## SUPPLIED INFORMATION
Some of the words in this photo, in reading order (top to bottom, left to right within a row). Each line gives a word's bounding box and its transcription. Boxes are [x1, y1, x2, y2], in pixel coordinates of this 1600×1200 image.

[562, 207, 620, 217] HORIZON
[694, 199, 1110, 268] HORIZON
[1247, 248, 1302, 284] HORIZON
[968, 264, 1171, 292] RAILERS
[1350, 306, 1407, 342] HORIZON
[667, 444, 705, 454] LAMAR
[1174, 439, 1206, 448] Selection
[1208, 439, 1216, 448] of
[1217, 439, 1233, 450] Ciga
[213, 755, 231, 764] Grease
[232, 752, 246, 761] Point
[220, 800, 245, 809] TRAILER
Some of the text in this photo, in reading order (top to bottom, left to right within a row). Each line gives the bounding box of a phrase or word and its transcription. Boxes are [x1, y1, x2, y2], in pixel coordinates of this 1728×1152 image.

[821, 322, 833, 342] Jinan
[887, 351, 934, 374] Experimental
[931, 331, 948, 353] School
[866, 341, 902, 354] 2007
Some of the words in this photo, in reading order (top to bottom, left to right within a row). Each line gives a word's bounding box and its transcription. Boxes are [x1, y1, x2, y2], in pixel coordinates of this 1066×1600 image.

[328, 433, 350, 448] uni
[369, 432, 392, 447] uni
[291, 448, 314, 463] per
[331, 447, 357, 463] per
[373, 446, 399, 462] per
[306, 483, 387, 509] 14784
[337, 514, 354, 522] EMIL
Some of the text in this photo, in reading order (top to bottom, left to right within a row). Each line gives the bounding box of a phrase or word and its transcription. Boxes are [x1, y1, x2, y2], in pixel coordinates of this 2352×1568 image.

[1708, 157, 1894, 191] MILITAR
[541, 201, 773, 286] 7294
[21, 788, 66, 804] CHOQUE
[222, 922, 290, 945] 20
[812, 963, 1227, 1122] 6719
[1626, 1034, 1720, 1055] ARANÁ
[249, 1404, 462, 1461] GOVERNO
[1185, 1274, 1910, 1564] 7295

## WHAT YOU WILL DO
This exercise requires all the entries to be written out again exactly.

## ANSWER TO THE PROBLEM
Some of the words in this photo, in reading order (top to bottom, left to right within a row). Each line gives a word's bounding box and its transcription. Boxes are [x1, y1, x2, y2], in pixel coordinates of this 1600×1200 image.

[562, 207, 620, 217] HORIZON
[694, 199, 1110, 268] HORIZON
[1247, 248, 1302, 284] HORIZON
[968, 264, 1171, 292] RAILERS
[1350, 306, 1407, 342] HORIZON
[667, 444, 705, 454] LAMAR
[1174, 439, 1206, 448] Selection
[1208, 439, 1216, 448] of
[1217, 439, 1233, 450] Ciga
[213, 755, 231, 764] Grease
[232, 752, 246, 761] Point
[220, 800, 245, 809] TRAILER
Some of the text in this photo, in reading order (top to bottom, left to right within a row). Each line gives the bounding box of a phrase or word and its transcription. Boxes are [x1, y1, x2, y2], in pixel coordinates of this 1728×1152 image.

[821, 322, 833, 342] Jinan
[887, 351, 934, 374] Experimental
[931, 331, 948, 353] School
[866, 341, 902, 354] 2007
Some of the words in this photo, in reading order (top to bottom, left to right within a row). Each line gives a word's bounding box and its transcription. Boxes are [x1, y1, x2, y2], in pixel coordinates of this 1066×1600 image.

[328, 433, 350, 448] uni
[369, 432, 392, 447] uni
[291, 448, 314, 463] per
[331, 447, 357, 463] per
[373, 446, 399, 462] per
[306, 483, 387, 509] 14784
[337, 514, 354, 522] EMIL
Some of the text in this photo, in reading order (top to bottom, left to right within a row). Each line gives the bounding box of a phrase or word and its transcription. Boxes are [x1, y1, x2, y2], in pixel coordinates of this 2352×1568 image.

[1708, 157, 1894, 191] MILITAR
[541, 201, 773, 286] 7294
[21, 788, 66, 804] CHOQUE
[222, 922, 290, 945] 20
[812, 963, 1227, 1122] 6719
[1626, 1034, 1720, 1055] ARANÁ
[249, 1404, 462, 1461] GOVERNO
[1185, 1274, 1910, 1564] 7295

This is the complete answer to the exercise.